Yes to your first question. You lay them breast up so gut juice does not no seep into the breast. Old school is hang your duck strap in a cold garage for days.
Posted By: QuackShack
Re: Dry Aging ducks - 11/28/20 08:06 PM
Ive never liked aging whole birds intact. They take up way more room, the lice gets all in the refrigerator, mine always seems to be wet when I put them up and a wet bird after about a week gets nasty, the sooner you can clean out any shot wounds the better, they drip more juices whole into the fridge, and I like to let the pepper do its thing on the meat for a week.
Posted By: Mike Honcho
Re: Dry Aging ducks - 11/28/20 08:19 PM
That’s interesting I never knew you could age birds.
Posted By: jnd59
Re: Dry Aging ducks - 11/30/20 04:54 PM
i have a separate fridge for aging game and birds.

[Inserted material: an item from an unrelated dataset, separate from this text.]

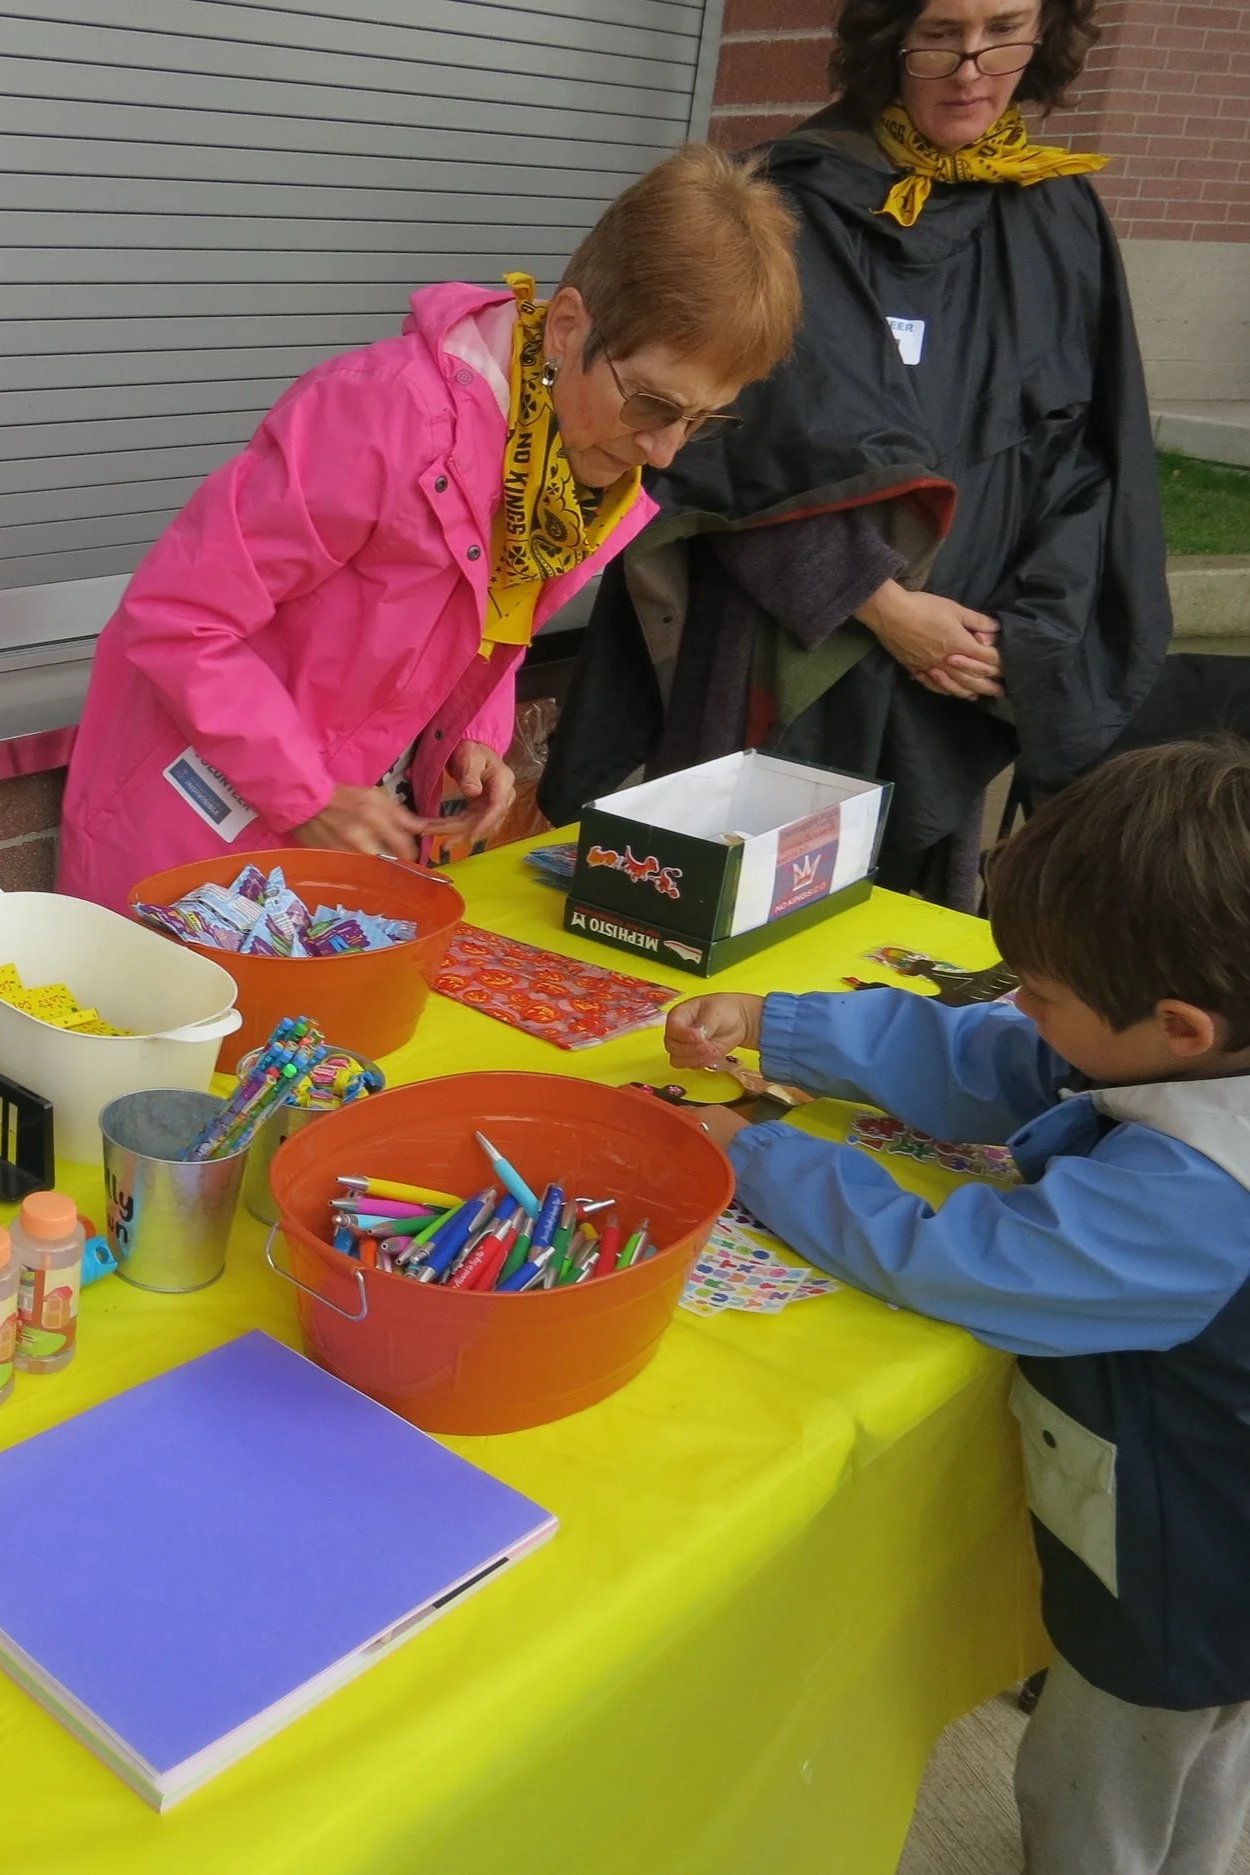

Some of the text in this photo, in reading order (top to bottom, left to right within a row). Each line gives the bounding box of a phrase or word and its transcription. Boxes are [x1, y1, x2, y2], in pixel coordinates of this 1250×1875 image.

[504, 432, 533, 535] NO KINGS
[589, 918, 659, 952] MEPHISTO

I hang all game birds except dove. I'm getting an external thermostat that controls the temp inside that fridge more precisely then the one the fridge uses so I can cure meats. I just plucked some pheasant that were hanging for 4 days. That's probably the toughest bird to pluck for me. I always tear the skin around the neck and wings. Hang your birds, pluck them and keep the hearts, gizzards and liver.
I skin all divers and if I ever get snows I'll skin them as well. I skin puddle ducks that have orange fat. They've been eating too many critters.